Magnetic Wire Detects Cancer Cells in Flowing Blood

July 21, 2018  Source: The Verdict 129


Stanford University School of Medicine Researchers have developed a magnetic wire that catches tumor cells flowing in the bloodstream. The wire, inserted into a vein, captures even limited tumor cells, ushering in a new means to detect cancer early.

Unique magnetic nanoparticles, engineered with an antibody to attach to any tumor cells and draw them out from the bloodstream, are latched on to the wire.

In contrast to current cancer diagnosing techniques through blood, this magnetized wire is capable of identifying a larger number of cancer cells, thereby detecting cancer at early stages. Moreover, this new method is expected to help in evaluating treatment response in cancer patients.

 “It could be useful in any other disease in which there are cells or molecules of interest in the blood. For example, let’s say you’re checking for a bacterial infection, circulating tumour DNA or rare cells that are responsible for inflammation – in any of these scenarios, the wire and nanoparticles help to enrich the signal, and therefore detect the disease or infection,” said Stanford for Early Cancer Detection, Canary Center radiology chair and director , Sanjiv Gambhir .

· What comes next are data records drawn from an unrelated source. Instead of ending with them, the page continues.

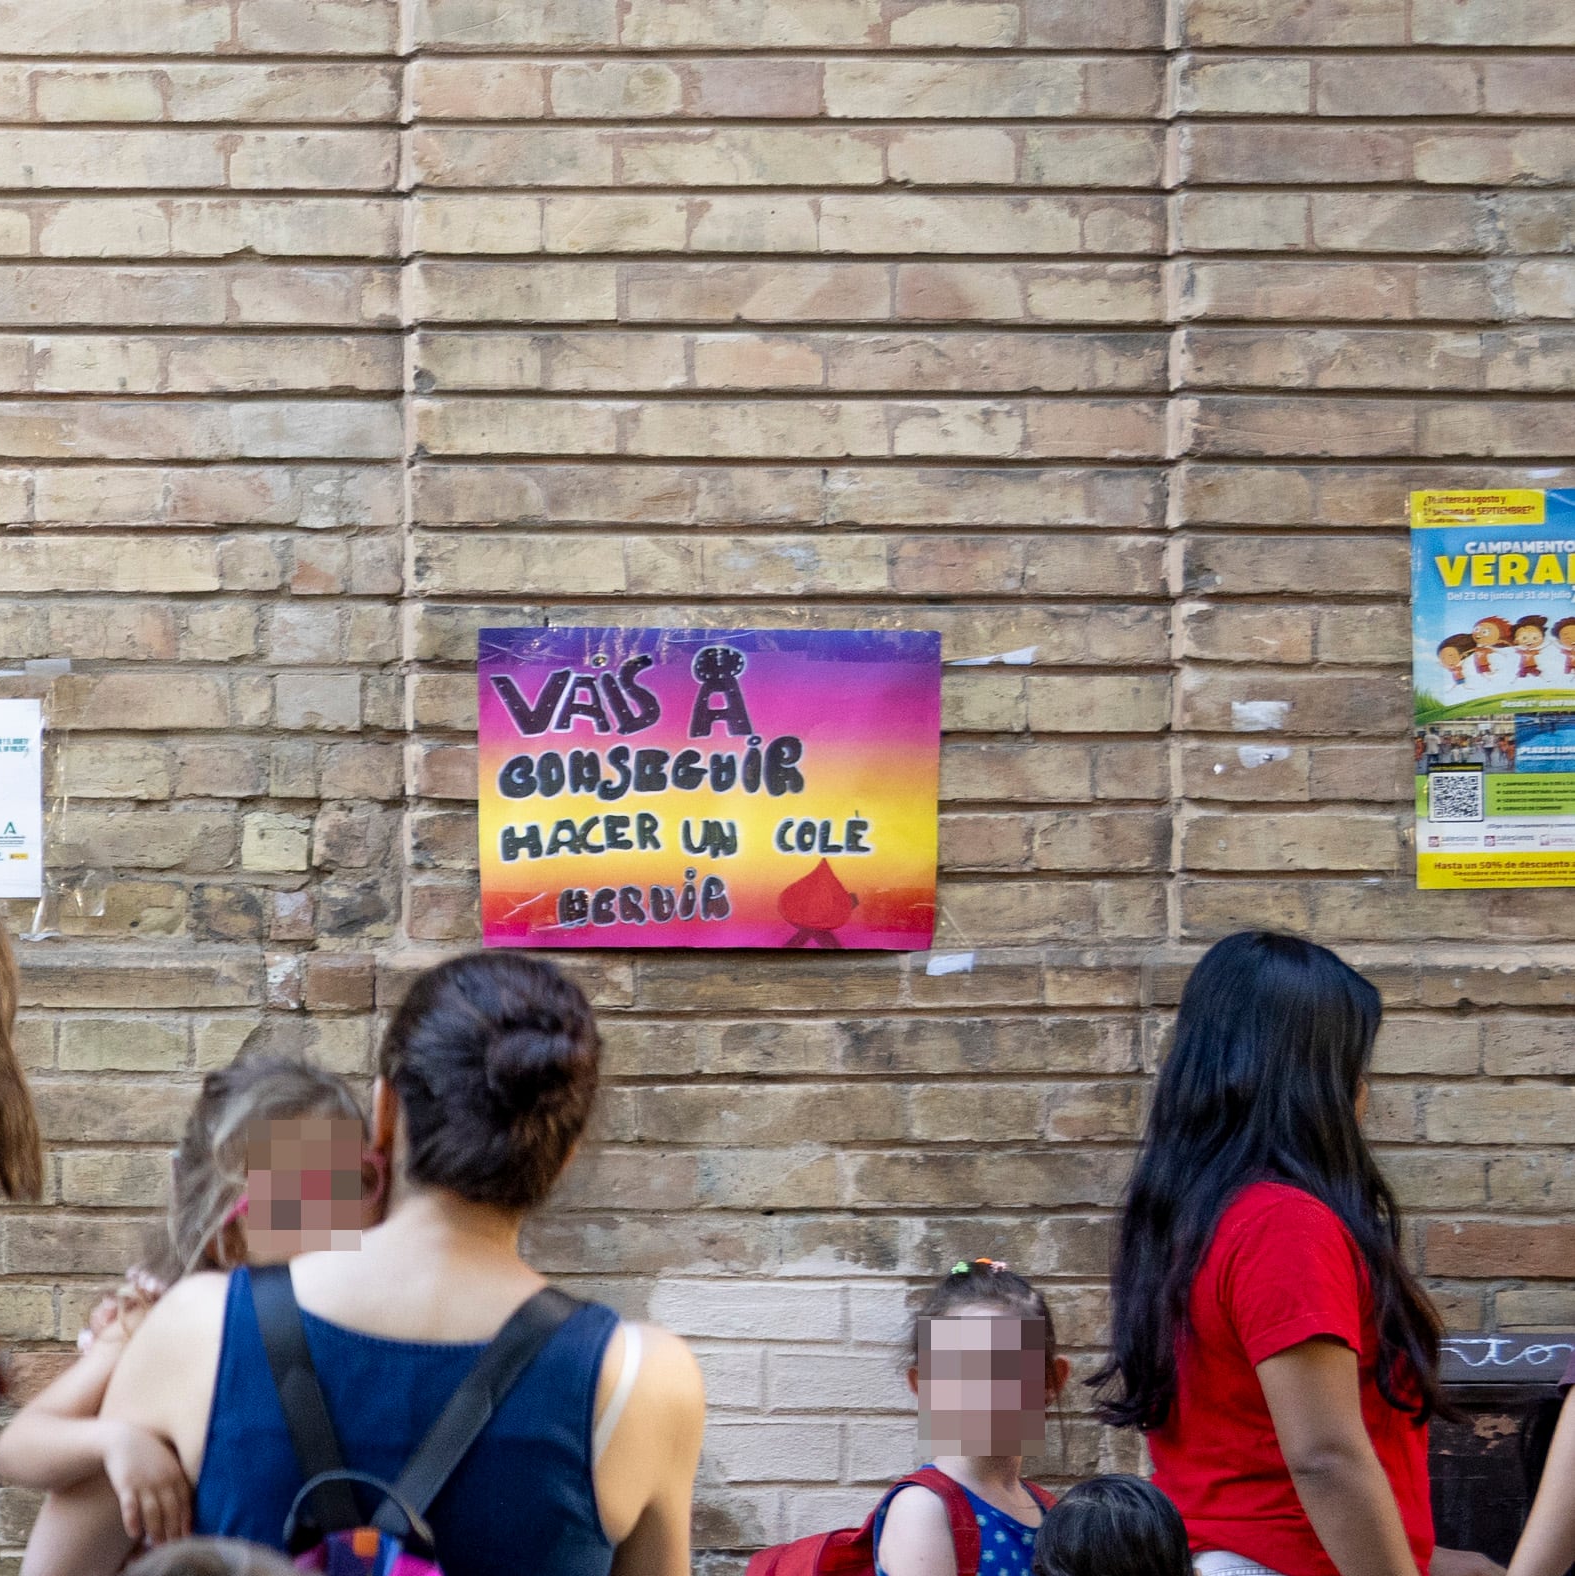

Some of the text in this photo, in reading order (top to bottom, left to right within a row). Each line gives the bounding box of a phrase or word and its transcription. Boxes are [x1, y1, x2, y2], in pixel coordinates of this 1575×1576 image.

[1435, 553, 1575, 588] VERA
[1478, 591, 1489, 600] de
[1490, 591, 1514, 602] junio
[1537, 591, 1548, 600] de
[498, 735, 806, 801] CONSEGUIR
[500, 812, 663, 863] HACER
[681, 818, 739, 859] UN
[1504, 861, 1516, 869] de
[1519, 860, 1570, 869] descuento

The magnetic wire was tested in pigs by placing it in a vein near the pig’s ear, which is similar to human veins in the arm.

The wire extracted 10-80 times more cancerous cells than a 5ml blood sample. It was also compared to a commercial wire-based detection technique and was found to have captured 500 to 5,000 more cancer cells.

The team is now aiming to adapt the technique for humans, and also acquire sanction for the nanoparticles. They aspire to implement this technology to enhance cancer detection, diagnosis, treatment and evaluation of therapy.